Falling Lake Michigan water levels reveal old shipwreck

Muskegon County

GRAND RAPIDS, Mich. (WOOD) — On the shores of Whitehall, the bones of an old shipwreck have been once again exposed for visitors to see, all thanks to the recently falling water levels.

The ship originally surfaced from the shore back in 2018 when water levels were able to eat away at layers and layers of sand. The ship is believed to be the Contest, which sank in the 1880s.

The shipwreck in Whitehall (Courtesy: Ann McManus) 

Lake Michigan has a living shoreline, which means it is constantly changing through the seasons and years due to water level changes and erosion. Water has been at record high and near record high levels on Lake Michigan for months now, submerging the shipwreck under the waves and allowing for even more erosion to expose the spine of the ship.

According the the U.S. Army Corps of Engineers, the Great Lakes Basin has experienced four consecutive months of below average precipitation. This, along with a much colder than average February, has led to significant water level drops. Lake Michigan is a full 10 inches lower now than it was this time last year.

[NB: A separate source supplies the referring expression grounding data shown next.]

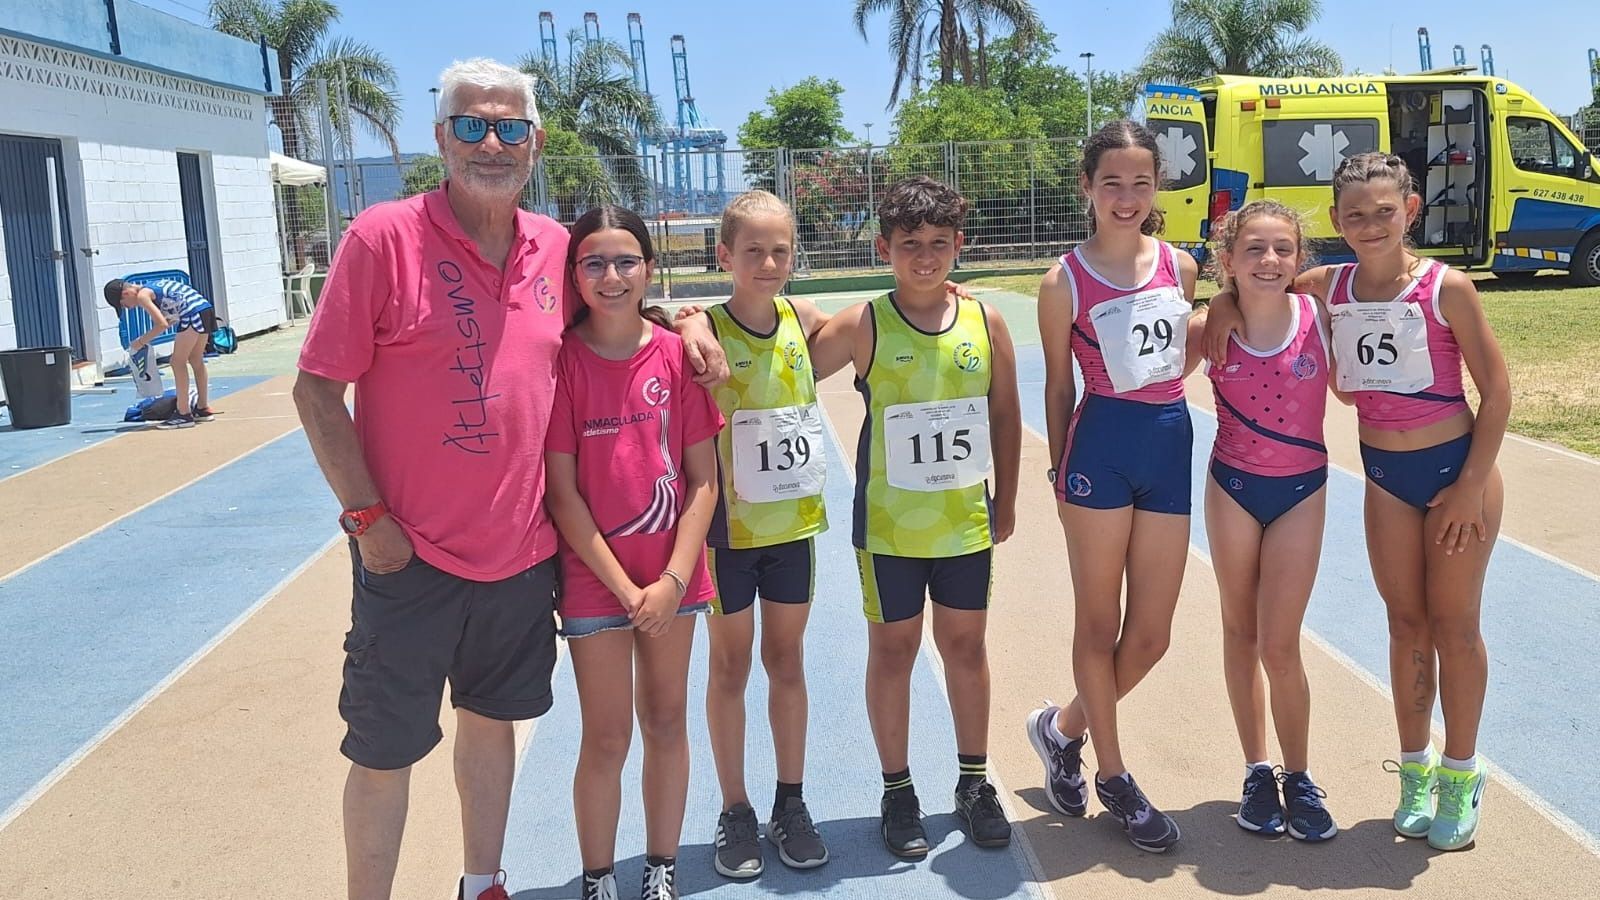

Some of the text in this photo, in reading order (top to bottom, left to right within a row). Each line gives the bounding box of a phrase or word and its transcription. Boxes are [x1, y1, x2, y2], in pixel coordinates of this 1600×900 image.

[1259, 82, 1378, 97] MBULANCIA
[1150, 103, 1193, 116] ANCIA
[1533, 188, 1549, 198] 627
[1132, 318, 1173, 357] 29
[1357, 332, 1398, 366] 65
[583, 411, 654, 429] NMACULADA
[755, 435, 810, 472] 139
[907, 429, 972, 464] 115
[1412, 649, 1426, 713] RAS
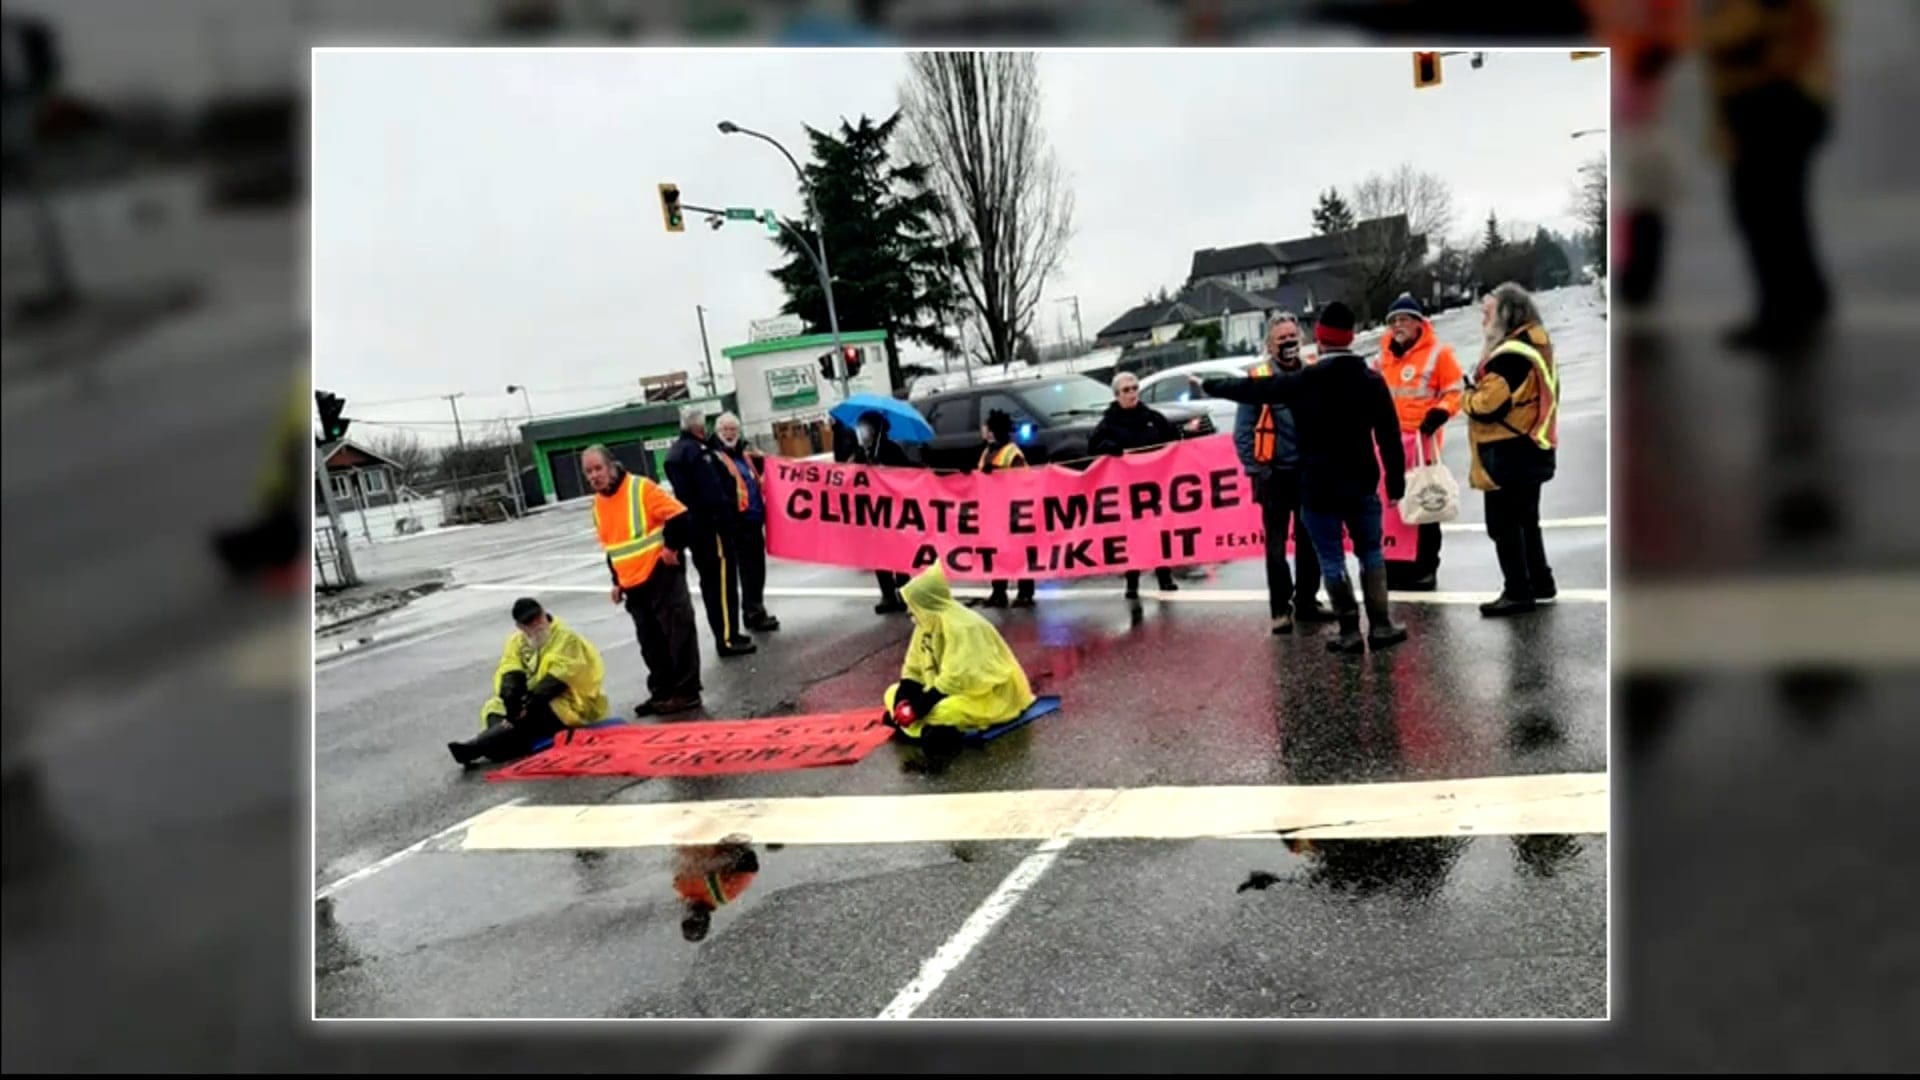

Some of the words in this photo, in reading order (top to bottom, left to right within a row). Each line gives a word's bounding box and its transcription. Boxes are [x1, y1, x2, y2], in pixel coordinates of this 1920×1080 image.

[778, 464, 820, 483] THS
[825, 469, 844, 486] IS
[853, 471, 870, 488] A
[786, 488, 980, 535] CLIMATE
[1009, 467, 1241, 535] EMERGE
[911, 544, 998, 573] ACT
[1026, 534, 1129, 573] LIKE
[1161, 526, 1202, 560] IT
[649, 743, 857, 766] GROWTH

Typically there is a water level rise for the Great Lakes during the spring season.

To view the wreck yourself, head to the beach where White Lake opens up into the Big Lake and look on the south side of the pier to see the rugged remains of the ship. It’s best to see it before the lake claims it back again as it has done so many years in the past.

*Correction: The original version of this article stated the ship was believed to be the L.C. Woodruff; experts later told News 8 it was more likely the Contest.